Entendue par les enquêteurs après la collision jeudi soir entre un TER et un bus scolaire dans lequel cinq enfants ont été tués et quinze personnes blessées, la conductrice du car a indiqué que les barrières qui marquaient le passage à niveau étaient levées, signe que la voie était libre.
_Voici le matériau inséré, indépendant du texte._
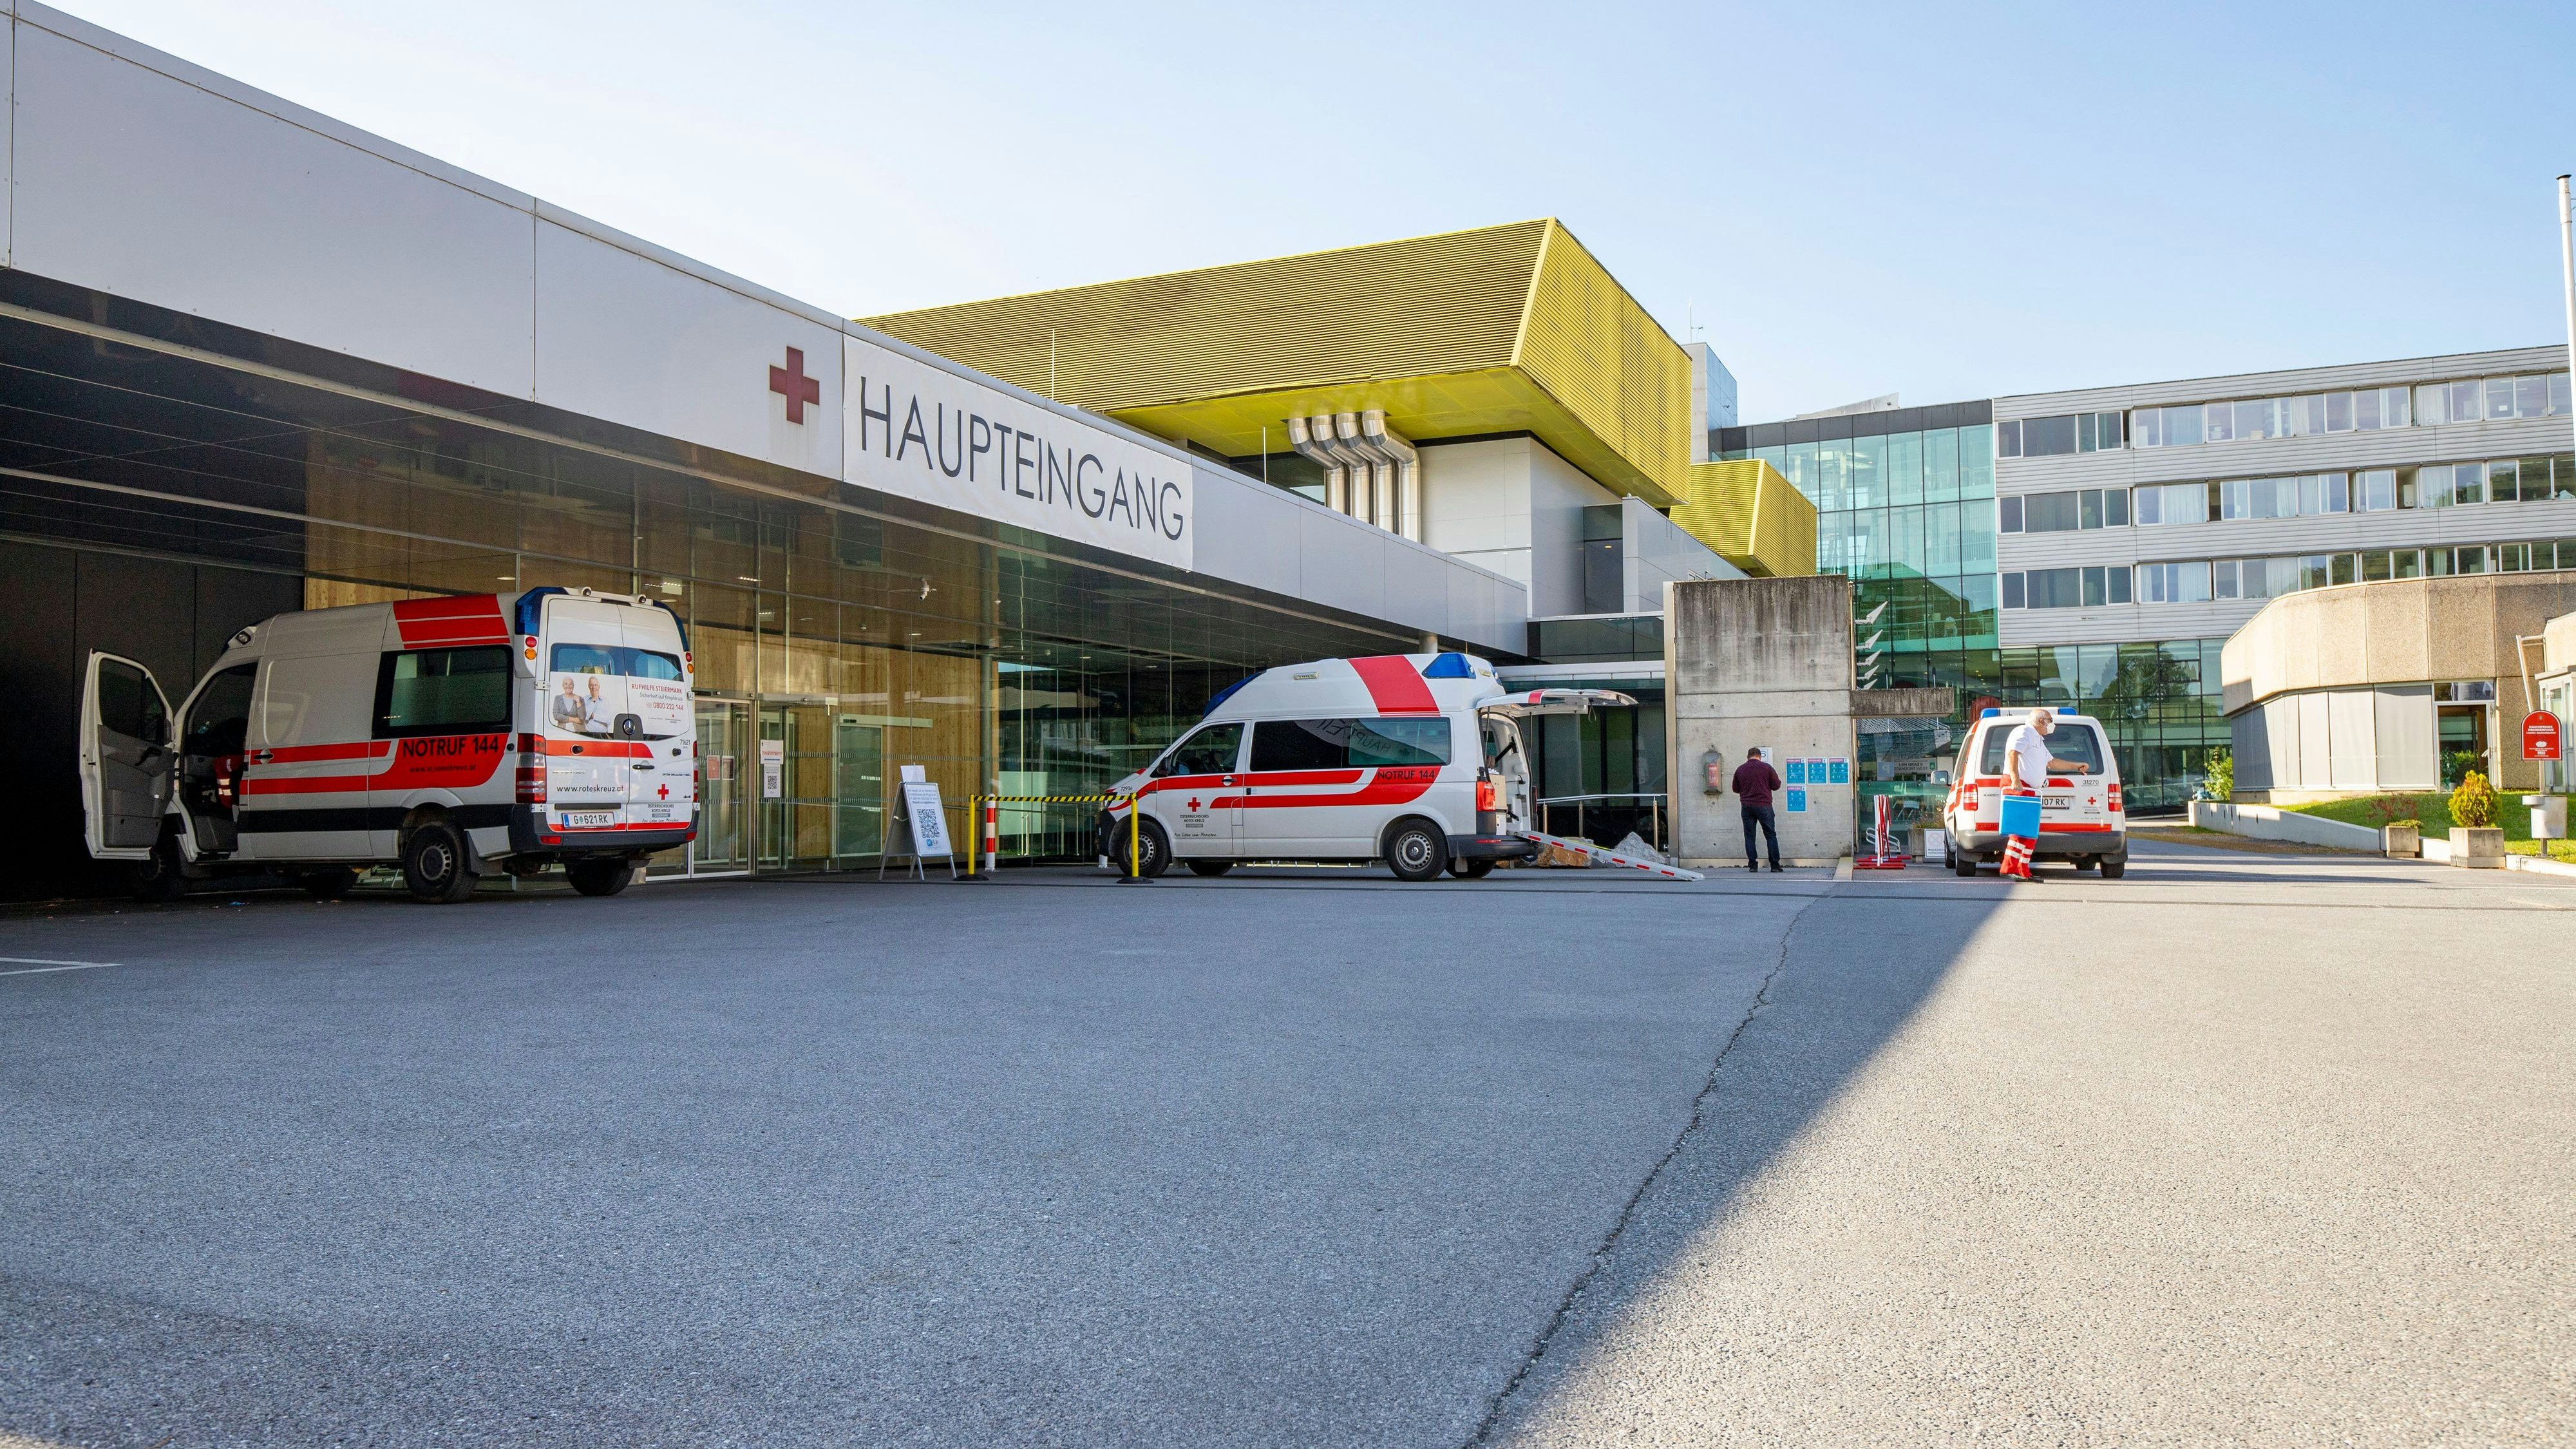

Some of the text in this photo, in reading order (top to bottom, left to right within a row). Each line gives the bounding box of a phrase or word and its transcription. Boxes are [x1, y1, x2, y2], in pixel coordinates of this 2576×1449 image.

Le procureur de la République de Marseille, Xavier Tarabeux, a détaillé les premières reconstitutions de l'accident entre un TER et un bus scolaire à Millas
Le procureur de la République de Marseille, Xavier Tarabeux, a détaillé les premières reconstitutions de l'accident entre un TER et un bus scolaire à Millas © AFP / PASCAL PAVANI

La reconstitution des faits se poursuit à Millas, après la collision mortelle entre un Train express régional (TER) et un car scolaire mardi après l'école. Arrivé sur les lieux de l'accident, le procureur de la République de Marseille, Xavier Tarabeux, a précisé samedi les conditions de l'accident déjà déterminées à partir des premiers éléments de l'enquête.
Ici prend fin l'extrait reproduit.